University of Puerto Rico, Mayagüez Campus
- Former names: College of Agriculture and Mechanical Arts in Mayagüez
- Motto: ¡Antes, Ahora y Siempre...Colegio!
- Motto in English: Before, Now, and Forever...College!
- Type: Public land-grant university
- Established: September 23, 1911; 115 years ago
- Academic affiliations: Sea Grant, Space Grant, APLU
- Endowment: US$107 million
- President: Zayira Jordán Conde
- Rector: Dr. Miguel Muñoz (interim)
- Faculty: 1,026
- Administrative staff: 1,336
- Students: 10,071
- Undergraduates: 9,251
- Postgraduates: 820
- Location: Mayagüez, Puerto Rico 18°12′34″N 67°8′30″W﻿ / ﻿18.20944°N 67.14167°W
- Campus: Urban, 315 acres (127 ha);
- Colors: Green and white
- Nicknames: Bulldogs (outside the LAI) Tarzans/Tarzanes (men's teams) Janes/Juanas (women's teams)
- Sporting affiliations: LAI; NCAA Division II;
- Mascots: Tarzán (male) and Jane (female), both bulldogs
- Website: www.uprm.edu

= University of Puerto Rico at Mayagüez =

Public university in Mayagüez, Puerto Rico

The University of Puerto Rico, Mayagüez Campus (UPRM) or Recinto Universitario de Mayagüez (RUM) in Spanish (also referred to as Colegio and CAAM in allusion to its former name), is a public land-grant university in Mayagüez, Puerto Rico. The UPRM is the second-largest university campus of the University of Puerto Rico system, a member of the sea-grant, and the space-grant research consortia.
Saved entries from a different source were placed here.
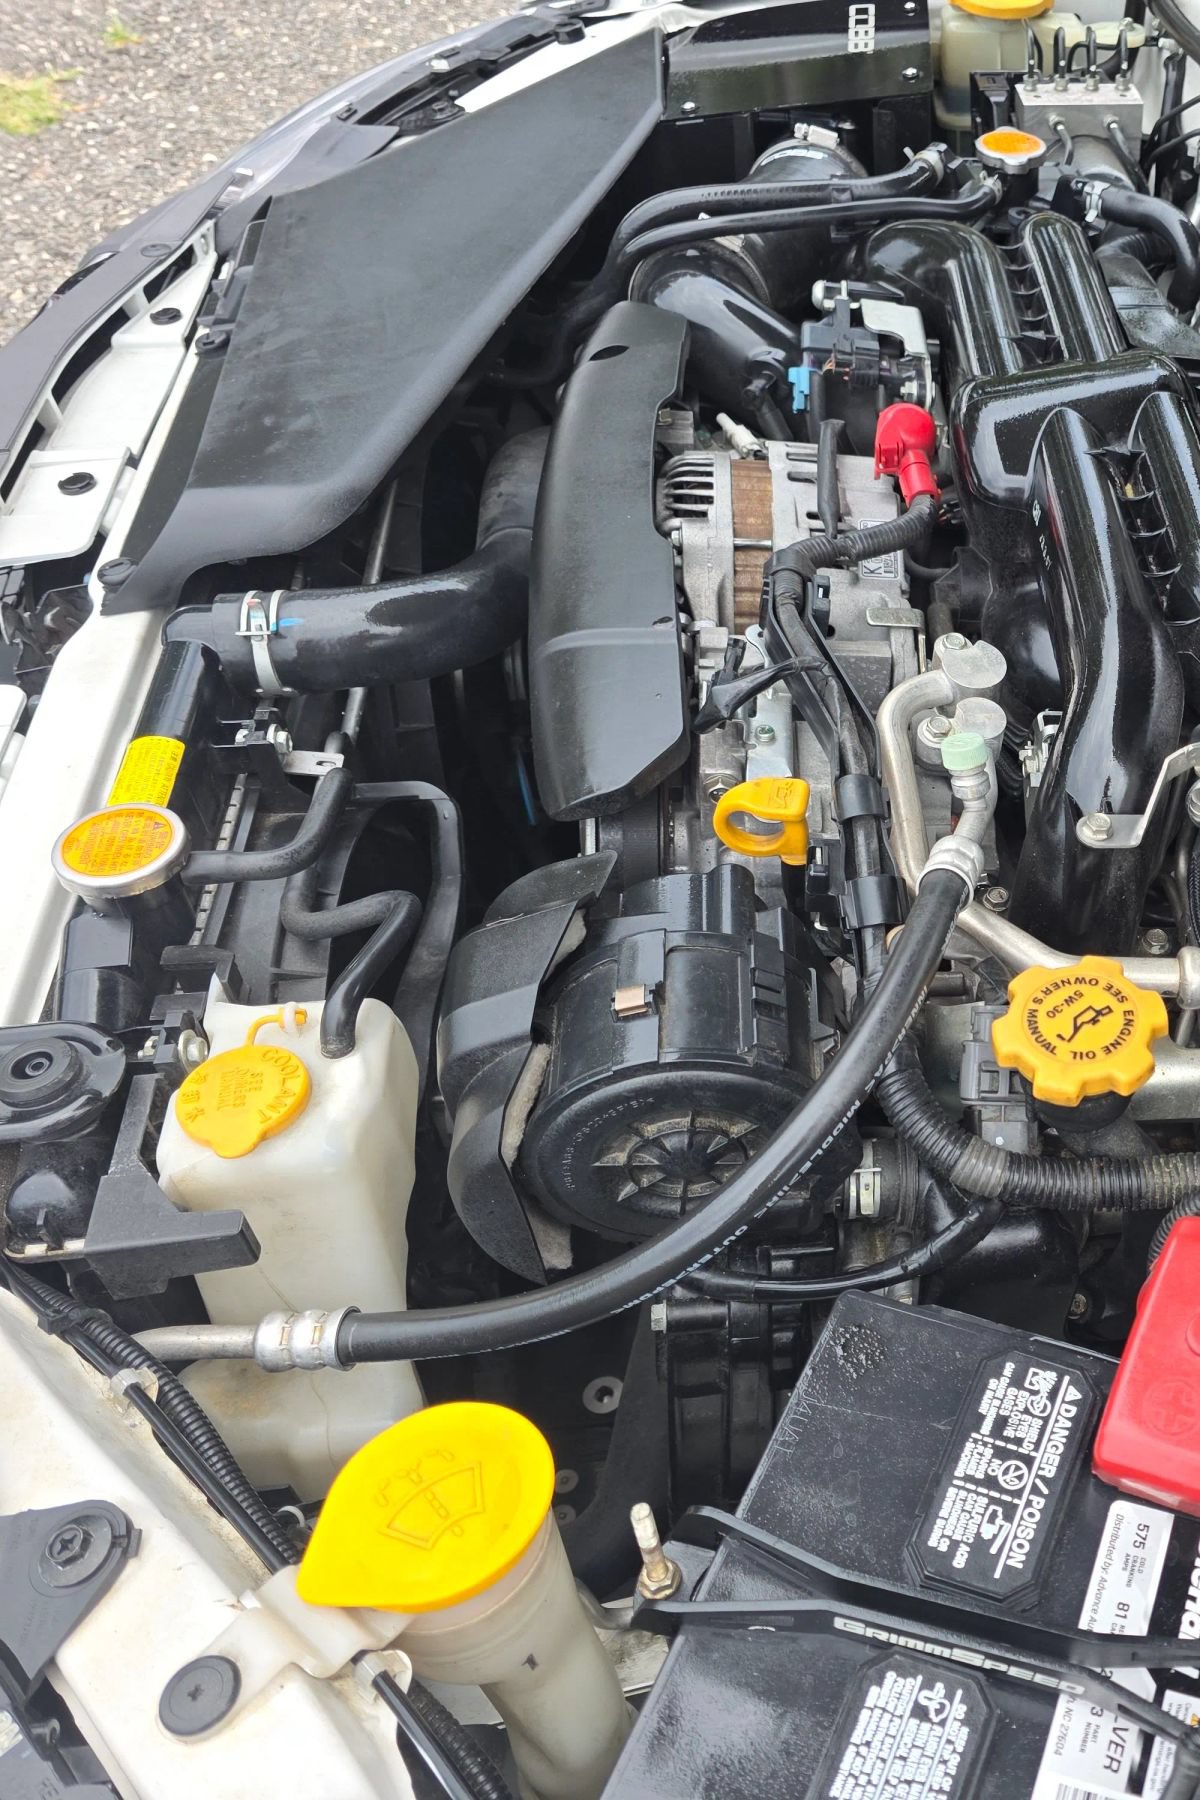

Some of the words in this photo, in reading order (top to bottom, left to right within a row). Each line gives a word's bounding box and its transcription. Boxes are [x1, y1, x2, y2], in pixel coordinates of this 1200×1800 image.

[1032, 976, 1099, 1005] OWNER'S
[1046, 989, 1084, 1018] 5W-30
[1102, 982, 1128, 1003] SEE
[1026, 1008, 1056, 1055] MANUAL
[1101, 1009, 1134, 1055] ENGINE
[1069, 1050, 1096, 1060] OIL
[261, 1049, 300, 1124] COOLANT
[999, 1387, 1018, 1416] GASES
[1003, 1390, 1030, 1438] EXPLOSIVE
[1014, 1414, 1032, 1438] EYES
[1022, 1417, 1043, 1450] SHIELD
[1037, 1403, 1077, 1478] DANGER
[987, 1458, 1002, 1476] NO
[960, 1495, 988, 1543] SULFURIC
[1006, 1494, 1046, 1569] POISON
[1105, 1513, 1125, 1562] Distributed
[1132, 1523, 1150, 1550] 575
[952, 1543, 970, 1568] ACID
[1100, 1561, 1112, 1574] by:
[1137, 1557, 1146, 1574] COLD
[1091, 1576, 1108, 1615] Advance
[1115, 1602, 1130, 1619] 81
[1063, 1707, 1074, 1722] NC
[944, 1718, 961, 1742] NOT
[951, 1724, 970, 1752] KEEP
[1054, 1723, 1070, 1756] 27604
[1079, 1722, 1092, 1753] NUMBER
[1091, 1724, 1101, 1743] PART
[943, 1751, 960, 1775] OUT
[938, 1777, 952, 1792] OF
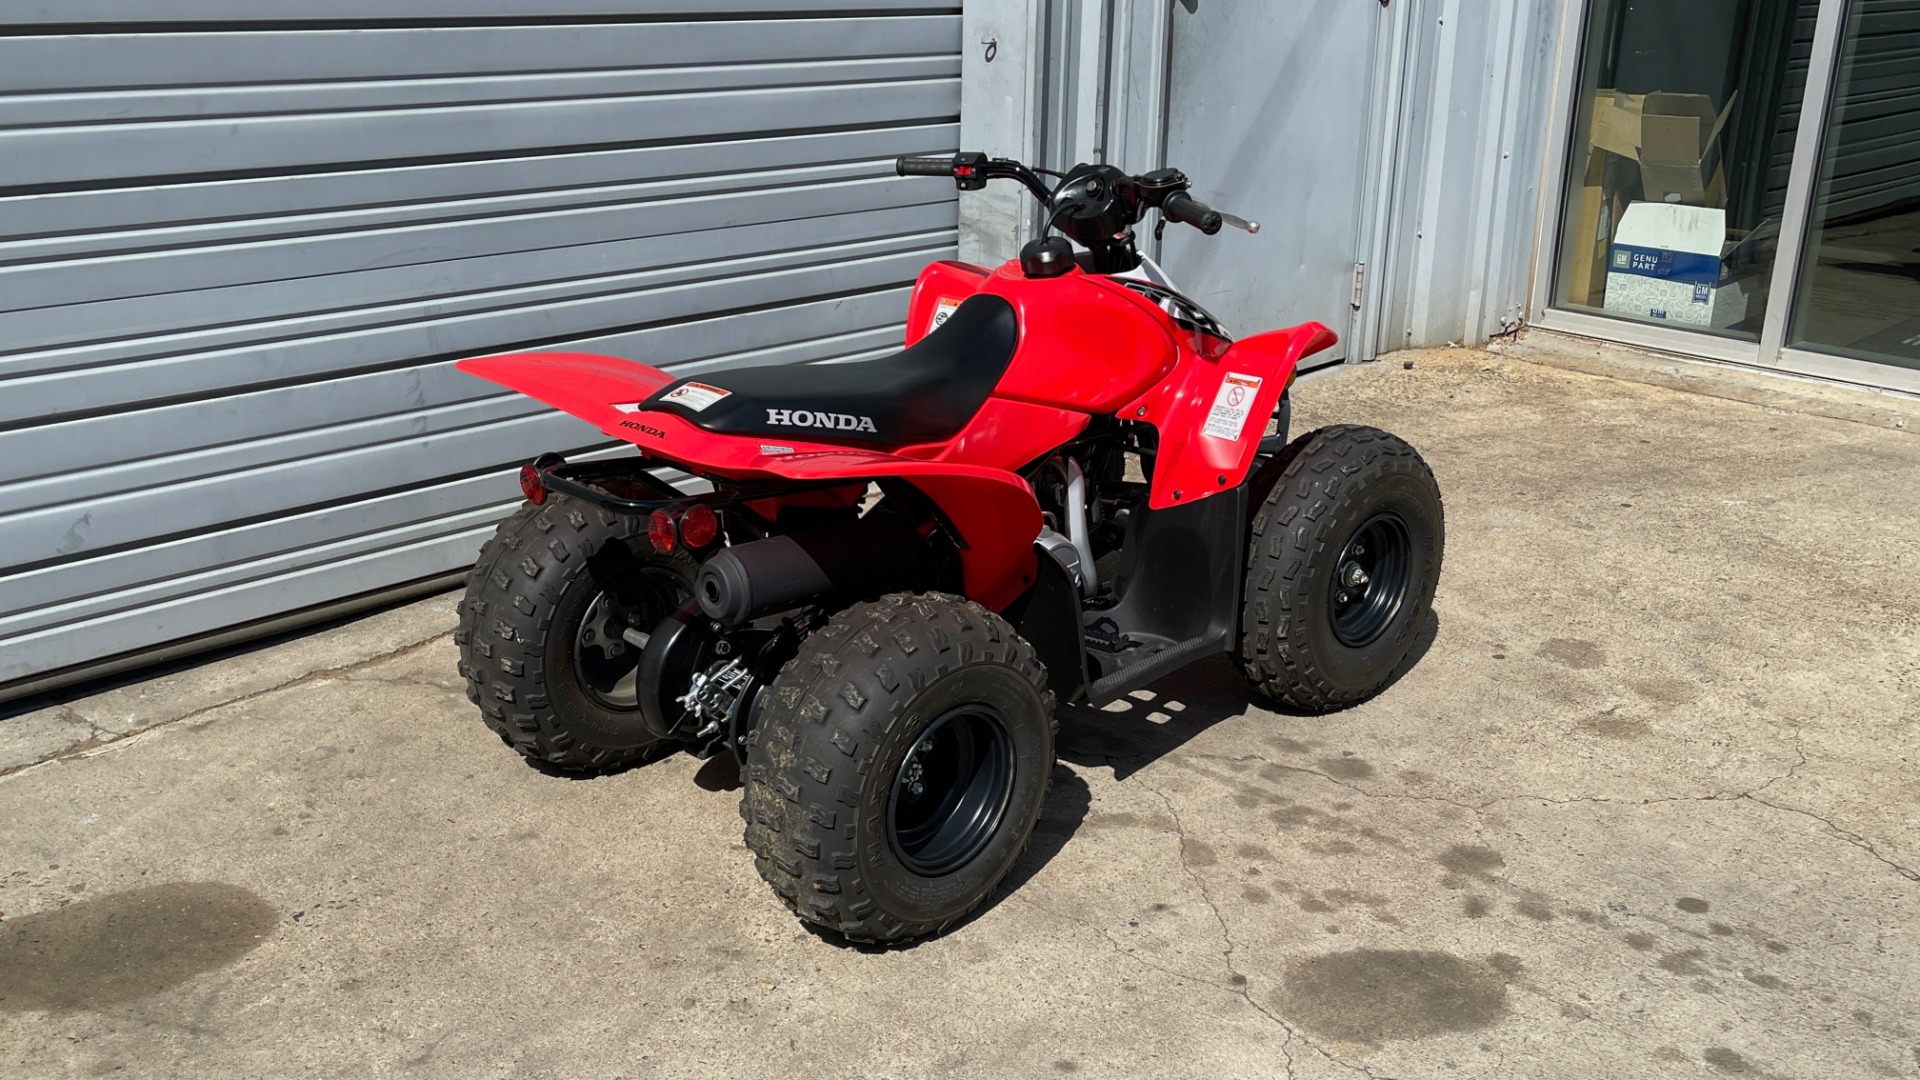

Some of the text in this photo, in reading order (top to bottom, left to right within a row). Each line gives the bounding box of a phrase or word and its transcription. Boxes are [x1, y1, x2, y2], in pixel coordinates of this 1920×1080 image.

[1617, 253, 1627, 262] GM
[1633, 253, 1658, 263] GENU
[1632, 262, 1656, 271] PART
[1696, 286, 1708, 295] GM
[766, 409, 878, 434] HONDA
[618, 420, 666, 439] HONDA
In 2009, the campus population was composed of 12,108 students, 1,924 regular staff members, and 1,037 members of the education staff. In 2013, the student population remained relatively steady at 11,838, but the instructional faculty dropped to 684. In the second semester of 2019 around 12,166 students were enrolled. By the end of the academic year 2022-2023 there were 10,071 students enrolled. UPRM has been accredited by the Middle States Commission on Higher Education (MSCHE) since 1946.

==History==
The University of Puerto Rico was created by an act of the Legislative Assembly on March 12, 1903, emerging as an outgrowth of the Normal School, which had been established three years earlier to train teachers for the Puerto Rican school system. In 1908, the benefits of the Morill-Nelson Act declared applicable to the island, fostered the rapid growth of the university. Evidence of that growth was the establishment of the College of Liberal Arts at Río Piedras in 1910 and the College of Agriculture at Mayagüez in 1911 as a land-grant university.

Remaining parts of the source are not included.